(Work item) The answer must repeat every record exactly, with no pictures in it.

(Images for object localization)

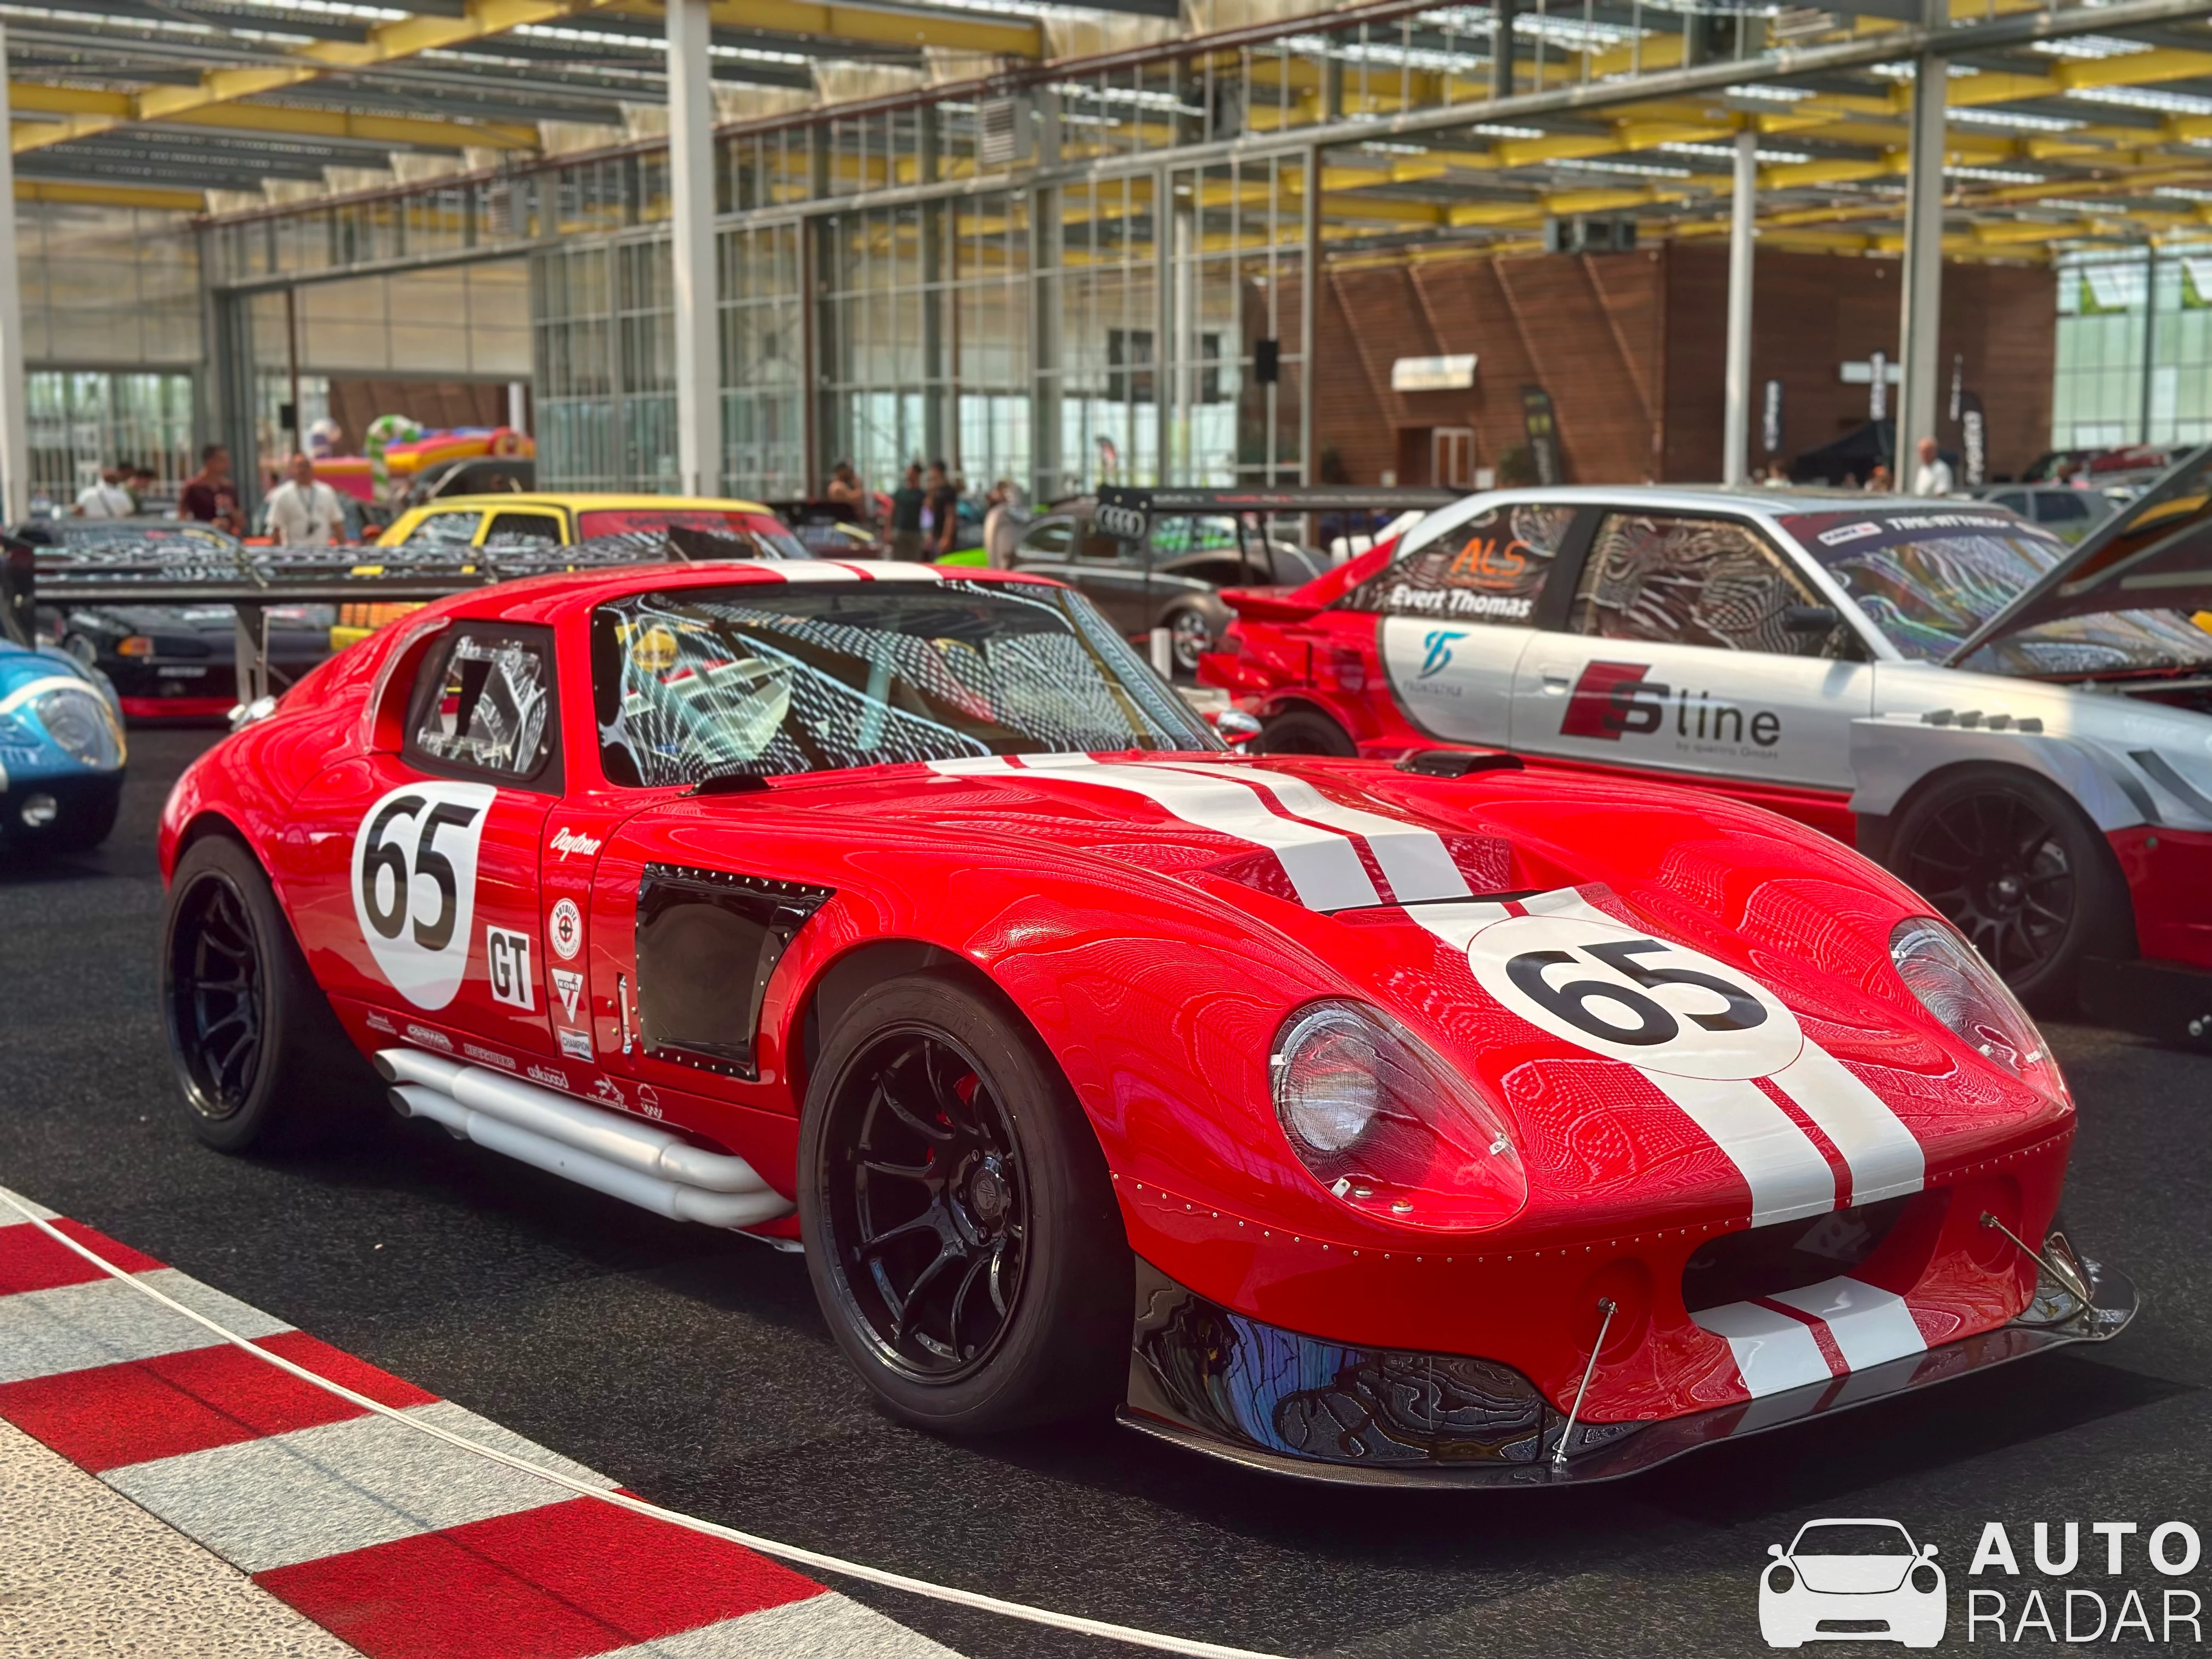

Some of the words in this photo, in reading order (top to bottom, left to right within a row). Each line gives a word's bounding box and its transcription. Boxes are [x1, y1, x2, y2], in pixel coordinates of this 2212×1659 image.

[1449, 536, 1531, 576] ALS
[1390, 584, 1447, 609] Evert
[1448, 588, 1533, 618] Thomas
[1677, 689, 1781, 746] line
[550, 827, 601, 861] Daytona
[362, 795, 481, 952] 65
[556, 905, 577, 922] AUTOLITE
[490, 932, 527, 1003] GT
[558, 980, 578, 991] KONI
[1505, 939, 1768, 1046] 65
[562, 1037, 590, 1052] CHAMPION

(Result for this task)
Some of the words in this photo, in reading order (top to bottom, left to right within a row). Each line gives a word's bounding box and its transcription. Boxes are [x1, y1, x2, y2], in pixel coordinates of this 2212×1659 image.

[1449, 536, 1531, 576] ALS
[1390, 584, 1447, 609] Evert
[1448, 588, 1533, 618] Thomas
[1677, 689, 1781, 746] line
[550, 827, 601, 861] Daytona
[362, 795, 481, 952] 65
[556, 905, 577, 922] AUTOLITE
[490, 932, 527, 1003] GT
[558, 980, 578, 991] KONI
[1505, 939, 1768, 1046] 65
[562, 1037, 590, 1052] CHAMPION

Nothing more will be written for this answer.